Different Types of Picks in Basketball?
Pick and Roll
The center position usually sets the pick on the ball around the three-point line. As the ball handler uses the pick the roll and goes towards the basket hoping to receive a pass from the ball handler. Usually resulting in an easy basket.
High Pick and Roll
This used in between the center line and the three-point line, the ball handler receives a pick by the big man which means his defender will come and try to help by either switching to guard the ball or helping their teammate fight the screen. Easier said than done, which generally causes all sorts of problems forcing the defense to completely shift and help out. The options are endless after the pick is set.
Pick and Pop
This is when a player will set a pick on the ball and as the ballhandler dribbles past the pick they will then make the pass to the player that just set the pick. This player usually opens up and takes a couple of steps away from where he set the pick as this opens up space for them to receive the pass and shot the open shot.
This is an effective play as players are busy trying to prevent the ballhandler from scoring an open layup or easy jumper, forgetting about the big man who set the pick.
Different Types of Screens in Basketball?
There are many types of screens in basketball here are the more common ones you will see.
Screen Away from the Ball
Screening away from the ball is excellent for getting players open as after the screen a player will move towards the ball or curl towards the basket hoping to receive the pass for an easy layup. This creates movement on the court and scoring opportunities. This does involve reading the defense and reacting to how they are defending. The better the basketball I.Q the more opportunities you may encounter for open shots.
The high post and low post positions will screen for each other to get open. When the screens are set they are looking for a quick entry pass in the low post hoping to seal and draw a foul or score an easy basket. The high post is hoping to shoot a 15 foot shot in the high post. The post is looking to seal down low and draw fouls and easy baskets.
The flare is a play used away from the basketball. After a screen is set the player who receives the screen goes flares away from the basketball, hoping to receive the pass on a lob or skip pass.
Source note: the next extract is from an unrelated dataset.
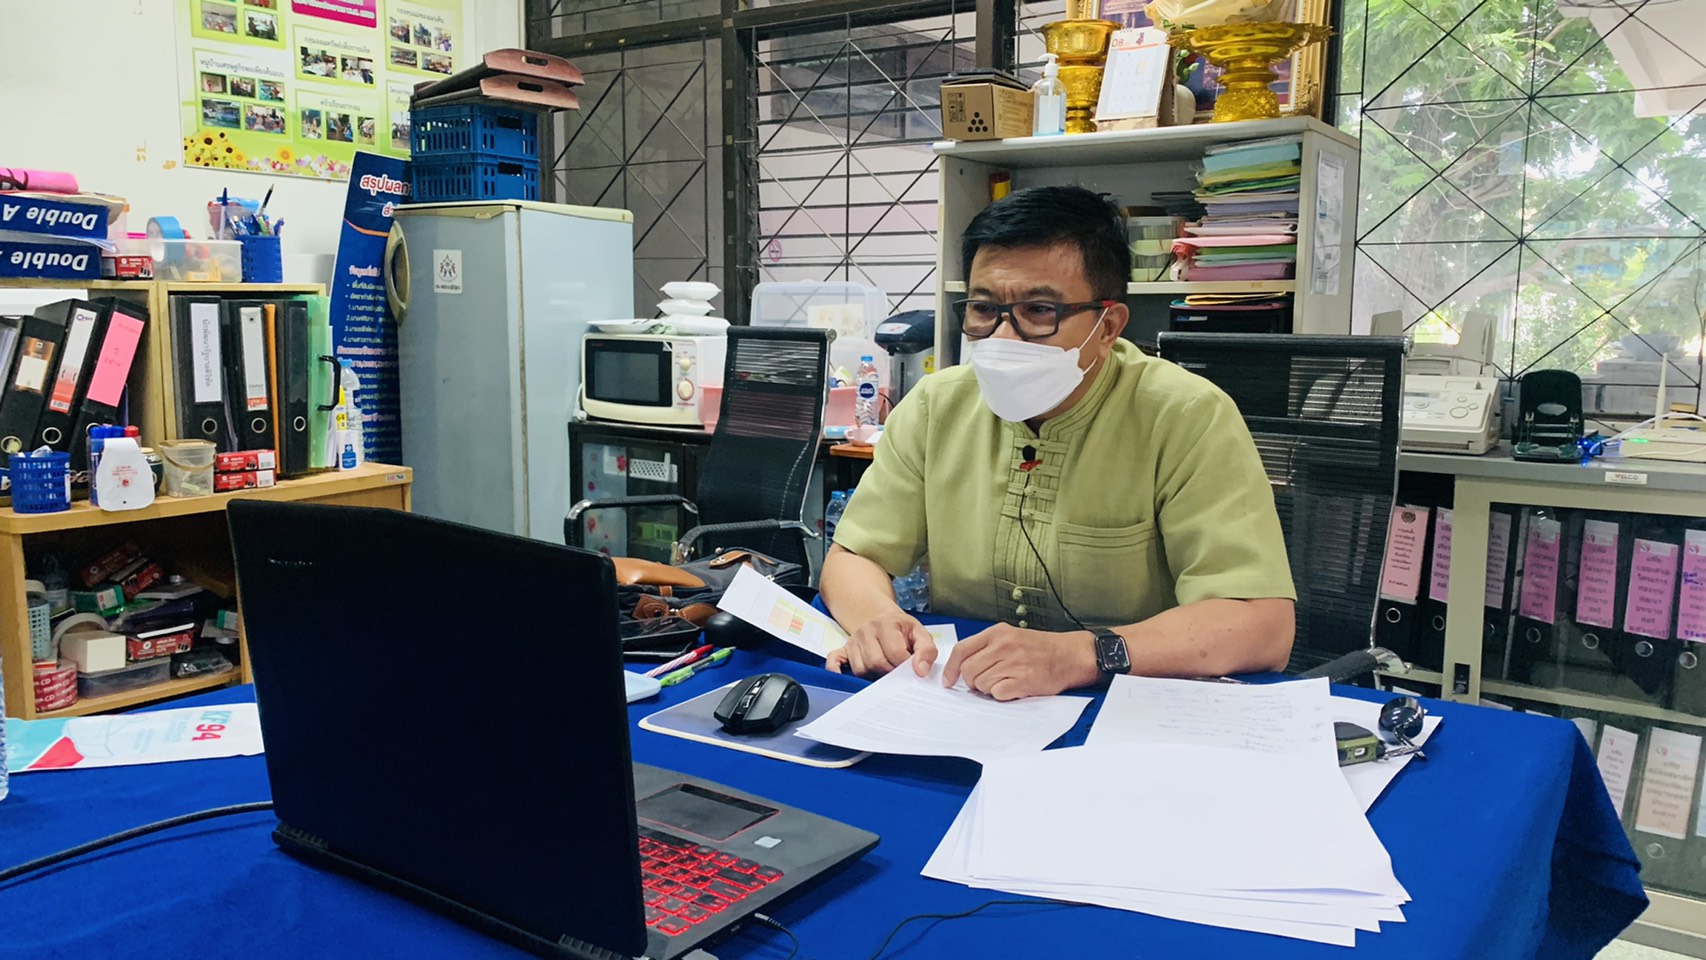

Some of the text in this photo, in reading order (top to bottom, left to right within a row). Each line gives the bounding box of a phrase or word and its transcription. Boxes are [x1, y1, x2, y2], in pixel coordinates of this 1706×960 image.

[2, 203, 98, 231] Double A
[10, 250, 89, 272] Double
[192, 710, 232, 742] KF94
Think of it as the opposite of the screen away.
Is one better than the other?
Each is used depending on which offensive plays or sets a team may use during a basketball game. If I had to choose one it would be the pick. The screen is also massively underused in the junior high and high school levels.
For movement, setting screens away from the ball creates movement on the court and open looks at the basket when properly executed. Some coaches go as far as to use a screen away offense which involves any time a pass is made the two closest players to the ball will screen away.
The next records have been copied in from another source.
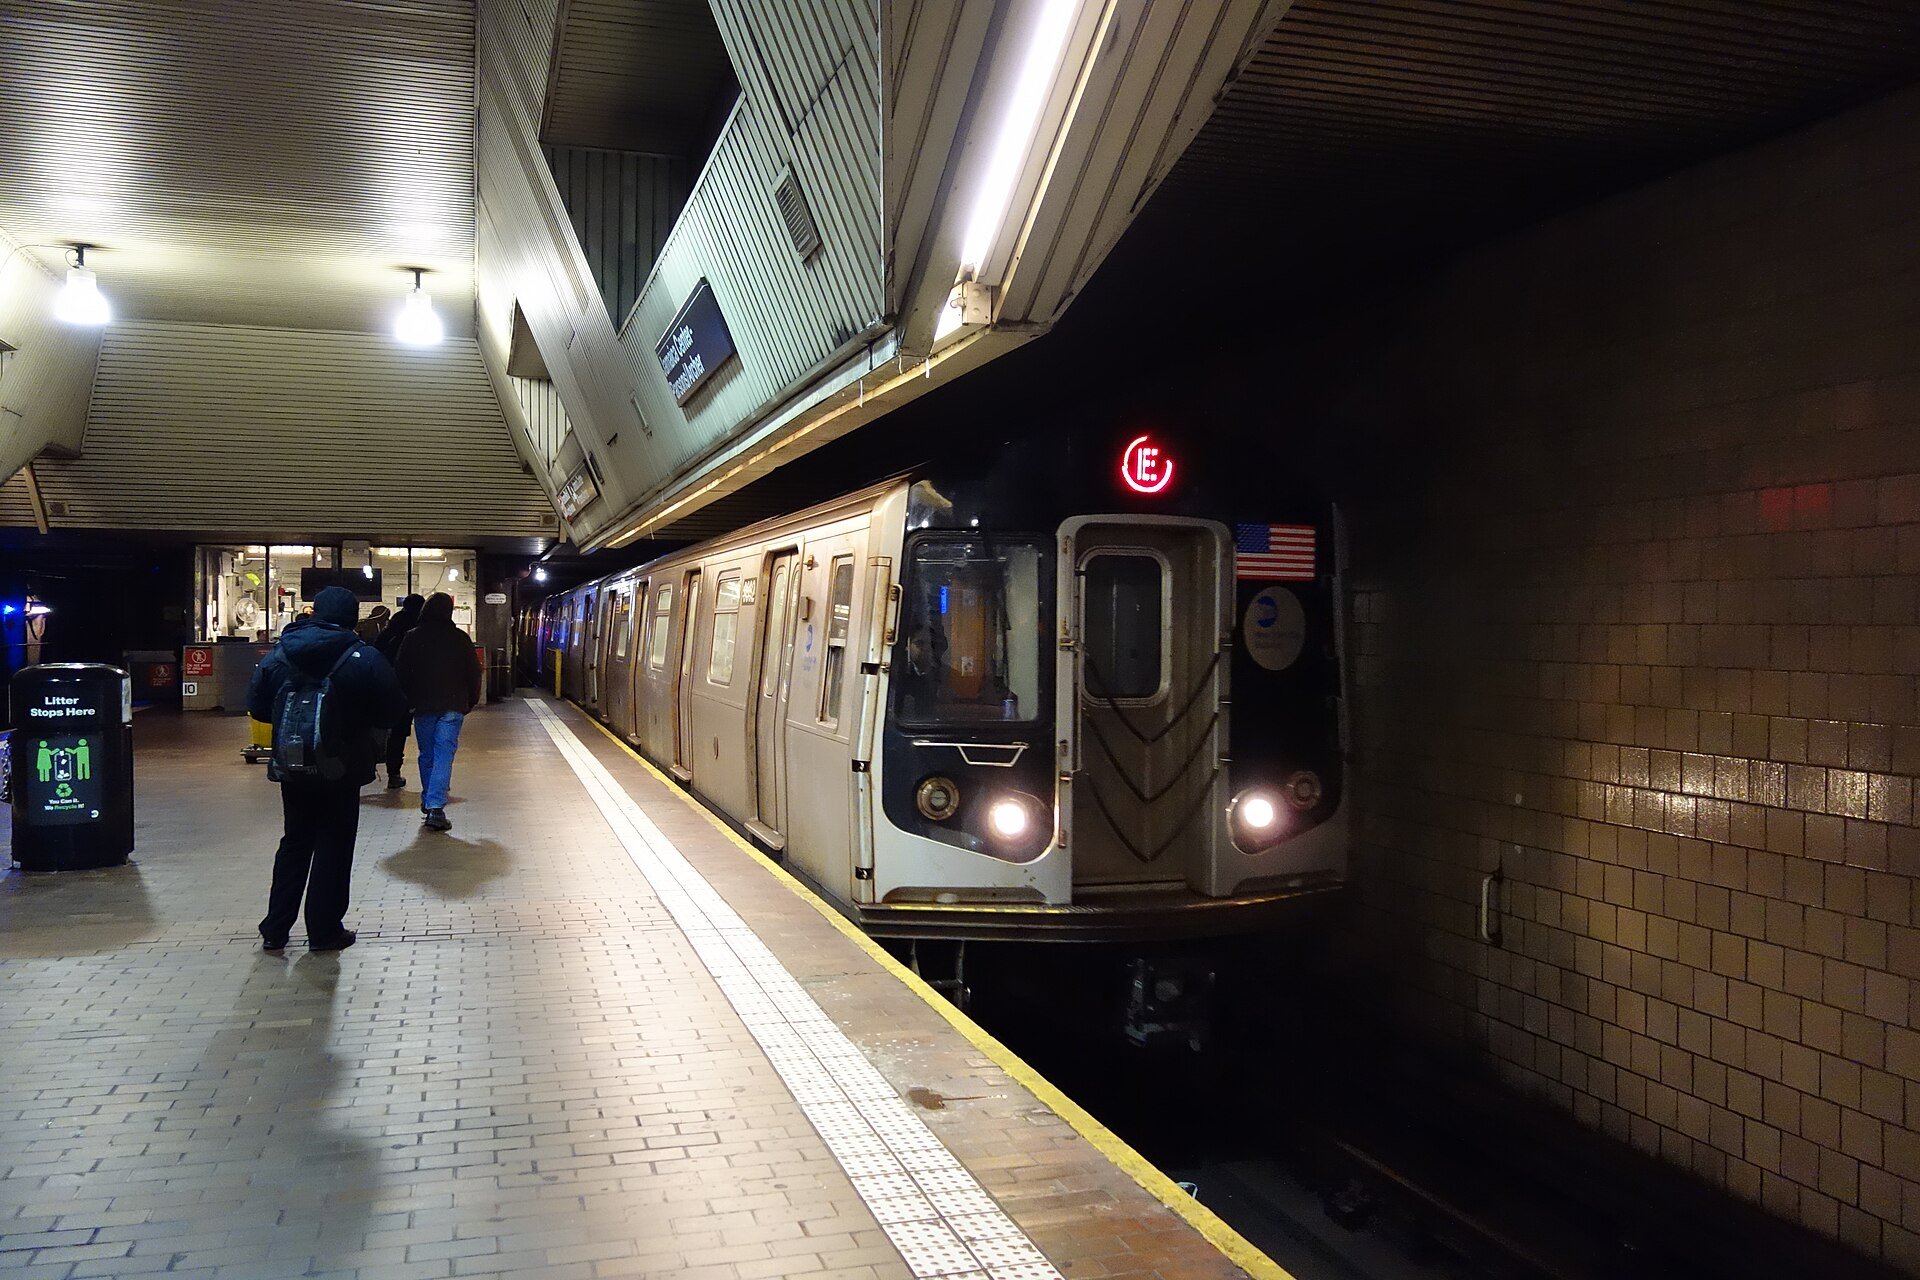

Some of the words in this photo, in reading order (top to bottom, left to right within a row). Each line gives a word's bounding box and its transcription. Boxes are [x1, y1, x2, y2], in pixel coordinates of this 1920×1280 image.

[659, 345, 680, 377] Jamaica
[1137, 448, 1158, 481] E
[184, 684, 195, 694] 10
[44, 696, 79, 705] Litter
[30, 708, 64, 718] Stops
[65, 707, 96, 716] Here
The pick is superior to the screen, especially if followed by a roll. This involves communication with the center or power forward position to initiate the play. There are so many options for the ball hander to use in which he is a threat to score or assist on an easy basket.
The following are the ballhandlers options after a pick:
- Drive to the basket.
- Take a shot.
- Pass to the big man for the open shot.
- Pass to the big man on the screen and roll.
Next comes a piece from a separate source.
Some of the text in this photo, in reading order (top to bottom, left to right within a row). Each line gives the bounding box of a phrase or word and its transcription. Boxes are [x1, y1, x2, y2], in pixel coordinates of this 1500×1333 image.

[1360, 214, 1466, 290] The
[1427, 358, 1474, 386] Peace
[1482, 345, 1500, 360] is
- Pass to the guard on the three-point line.
- Drive to the basket and kick out.
- Pass to the big man diving to the basket when the ball handler goes to the rim.
- Create a mismatch from the big man’s defender on a switch.
- Pass to the big man on the mismatch down low on the switch.
You can why the pick on the ball is so effective and such a threat in basketball. There are so many options as to what a player can choose. It shouldn’t be a surprise as to why John Stockon Leads the entire NBA with 15000+ assists and no one is even close to that. It also helps to have the 2nd leading scorer of all time in the NBA to give you 10,000+ assists. The two were known for the pick and roll offense as their bread and butter.